We then performed a cost analysis of our observed versus surgically treated peripheral nerve tumor patients. For observed patients, we estimated the total cost for observation, allowing for either magnetic resonance neurograms (MRN) or ultrasound (U/S) imaging 3–6 months after the initial diagnostic scan, and then every 2 years afterwards if the tumor remained stable [ Table 2 ; Figure 1 ]. Actual office visit and imaging costs were determined from the UCSF hospital cost accounting database. These revealed total costs of $1090 and $580 in the first year of observation for patients receiving MRN versus U/S surveillance imaging, respectively [ Table 2 ].

Table 2

Cost breakdown for medically and surgically treated peripheral nerve tumors. All costs for imaging and office visits are based on UCSF costs

Figure 1

Our proposed paradigm guiding management of symptomatic and asymptomatic peripheral nerve tumors, with recommendations regarding clinical examinations and imaging studies for patients whose peripheral nerve tumor growth rates are unknown

For surgical patients, the actual total inpatient and outpatient hospital costs were also determined from the UCSF hospital cost accounting database. The average total cost for treating peripheral nerve tumors surgically was $28465 [ Table 2 ].

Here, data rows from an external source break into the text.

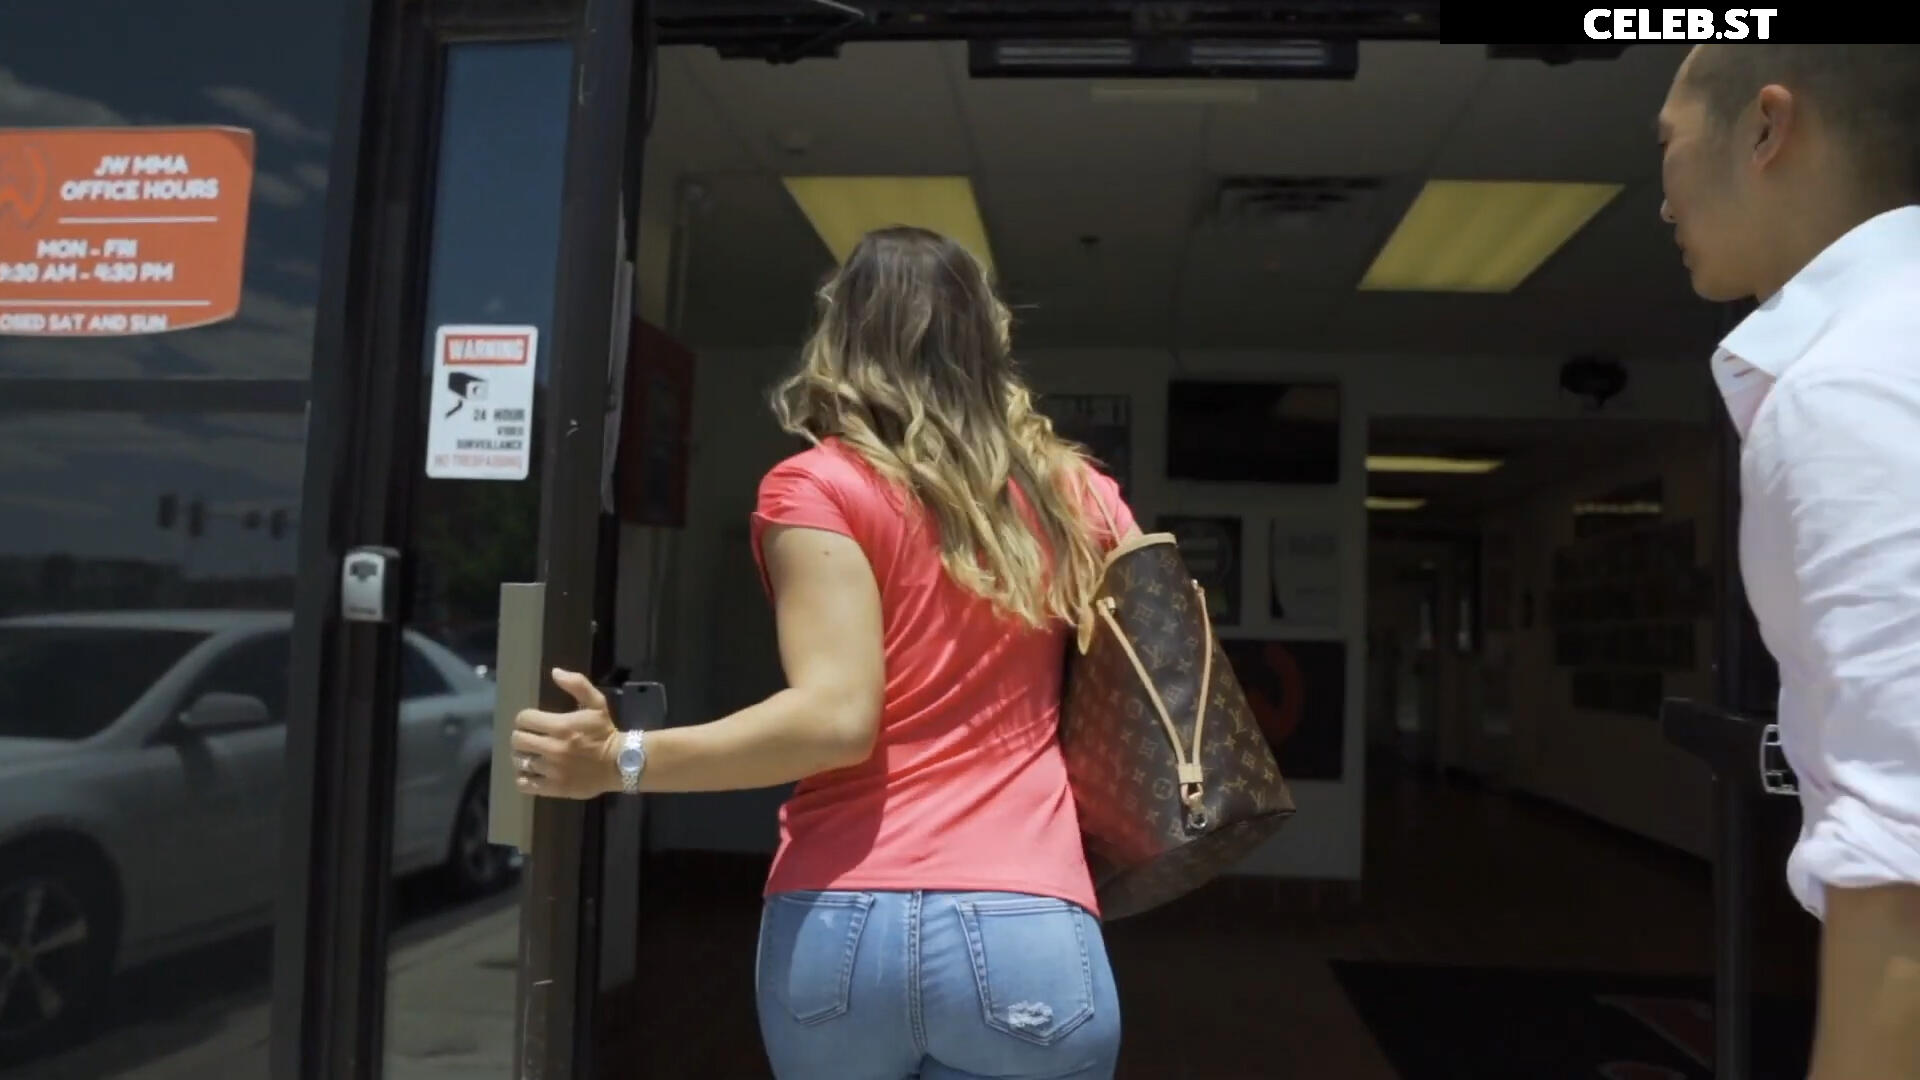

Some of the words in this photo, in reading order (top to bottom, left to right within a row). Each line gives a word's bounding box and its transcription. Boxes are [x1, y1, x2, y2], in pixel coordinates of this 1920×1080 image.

[95, 155, 129, 176] JW
[132, 155, 188, 175] MMA
[60, 179, 140, 201] OFFICE
[143, 178, 219, 199] HOURS
[36, 239, 88, 259] MON
[103, 238, 138, 258] FRI
[41, 262, 77, 282] AM
[140, 262, 175, 281] PM
[49, 313, 85, 331] SAT
[88, 313, 127, 331] AND
[130, 313, 168, 331] SUN
[449, 337, 526, 361] WARNING
[473, 409, 487, 421] 24
[494, 408, 525, 422] HOUR
[456, 439, 523, 450] SURVEILLANCE

Next, we performed a cost-effectiveness analysis for a patient diagnosed with a peripheral nerve tumor at age 45 (the average age of our total patient cohort). We calculated quality-adjusted life years (QALYS) using our EQ-5D health utilities measure, and used a standard discounting factor of 0.03. Table 3 reveals that for a patient diagnosed with a peripheral nerve sheath tumor at age 45, surgery is associated with a higher lifetime cost ($28465). However, it produces a higher QALY than observation (17.95 vs. 16.84), resulting in surgery being a very cost-effective treatment option for peripheral nerve sheath tumor management. The incremental cost-effectiveness ratio (ICER) of $18687 is far below the standard cost-effectiveness threshold of $150,000 in the United States.[ 5 17 ]

Table 3

Cost-utility model if patient is diagnosed with peripheral nerve tumor at age 45. Total costs estimated over life expectancy of 36 additional years (from CDC life expectancy table), with 3% future discounting

CONCLUSION

In summary, we propose the following paradigm [ Figure 1 ] to guide the management of symptomatic and asymptomatic peripheral nerve tumors. It is crucial to determine optimal frequency for clinical examinations and serial imaging studies, while also choosing the optimal imaging modality. Our management paradigm aims to identify patients upfront who would benefit from surgery (specifically, those harboring symptomatic and/or growing tumors), while providing a sensible and cost-effective set of recommendations regarding clinical exams and imaging studies for patients with asymptomatic nerve tumors whose growth rate is unknown.

An important limitation of our study is our small dataset, with the number of surgically treated patients being over three times larger than our medically treated patient cohort. This reflects the referral patterns to the neurosurgeon M.K. at a tertiary care facility. Another limitation is our study design, which is retrospective in nature. A more robust study would be prospective in nature and compare patients with peripheral nerve tumors that had equipoise, i.e. could be treated either medically or surgically. The lower EQ-5D and larger tumor size of our surgical group suggests that our patient cohorts were not identical in this small retrospective study.

Nevertheless, we find that surgery can be cost-effective in our patient cohort. We use our own institution's cost data, as well as literature review and clinical experience, to propose a management guideline for newly diagnosed peripheral nerve sheath tumors, which we believe will be useful to the practicing neurosurgeon.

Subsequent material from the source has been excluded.